# Work instructions:
Every line from the one containing "Some of the words" through the end of the data is to be copied exactly, and nothing outside that range.

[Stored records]
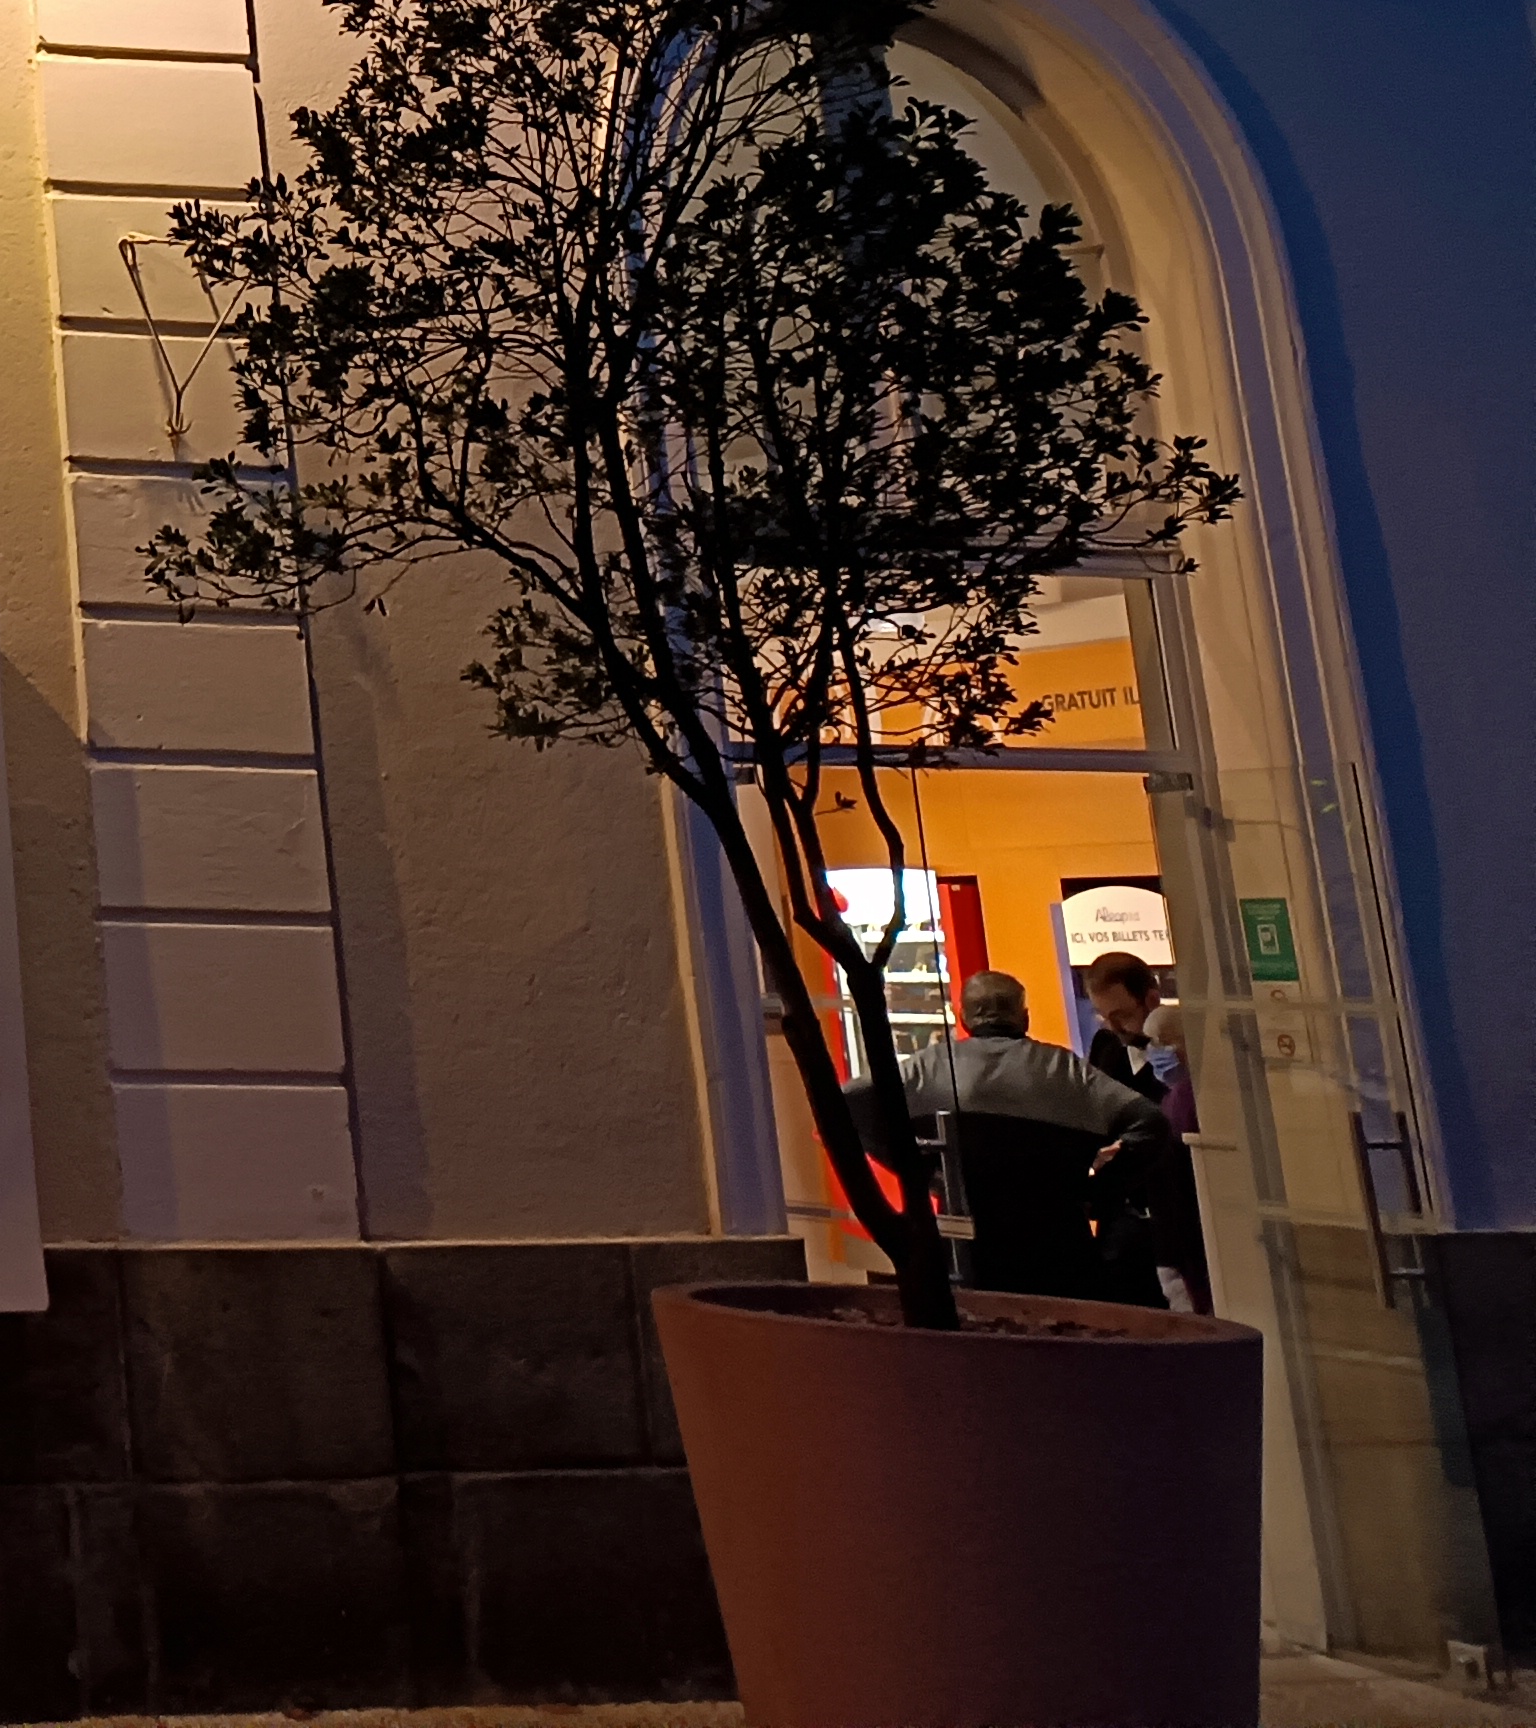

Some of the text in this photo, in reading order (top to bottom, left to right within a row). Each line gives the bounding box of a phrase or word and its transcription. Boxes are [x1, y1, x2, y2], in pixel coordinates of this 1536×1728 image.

[1042, 687, 1116, 712] GRATUIT
[1088, 931, 1109, 943] VOS
[1112, 930, 1150, 942] BILLETS
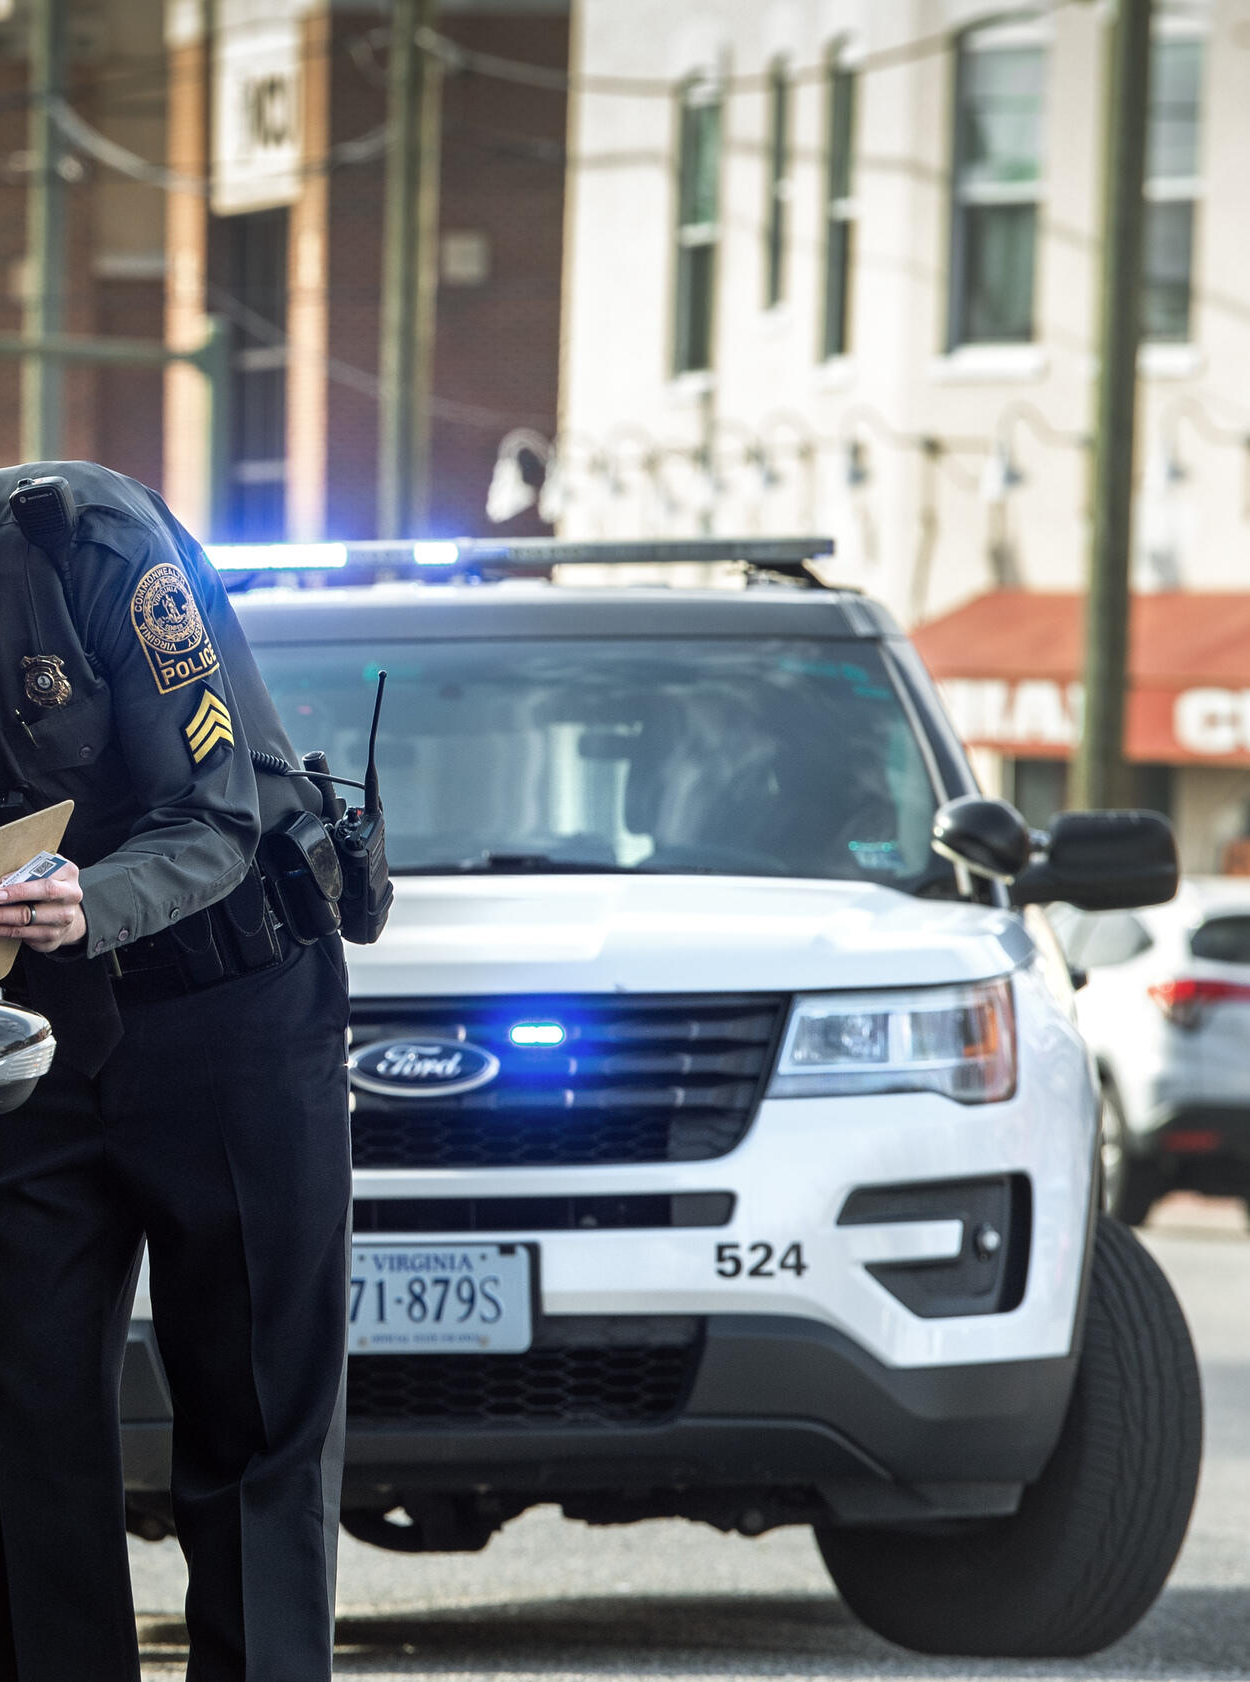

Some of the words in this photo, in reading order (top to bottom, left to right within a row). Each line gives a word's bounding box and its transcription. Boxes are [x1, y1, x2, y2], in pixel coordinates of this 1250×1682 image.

[134, 567, 186, 613] COMMONWEALTH
[139, 622, 177, 651] VIRGINIA
[376, 1045, 462, 1077] Ford
[372, 1253, 473, 1271] VIRGINIA
[716, 1242, 808, 1278] 524

# Written answer:
Some of the words in this photo, in reading order (top to bottom, left to right within a row). Each line gives a word's bounding box and its transcription. Boxes are [x1, y1, x2, y2], in pixel coordinates of this 1250×1682 image.

[134, 567, 186, 613] COMMONWEALTH
[139, 622, 177, 651] VIRGINIA
[376, 1045, 462, 1077] Ford
[372, 1253, 473, 1271] VIRGINIA
[716, 1242, 808, 1278] 524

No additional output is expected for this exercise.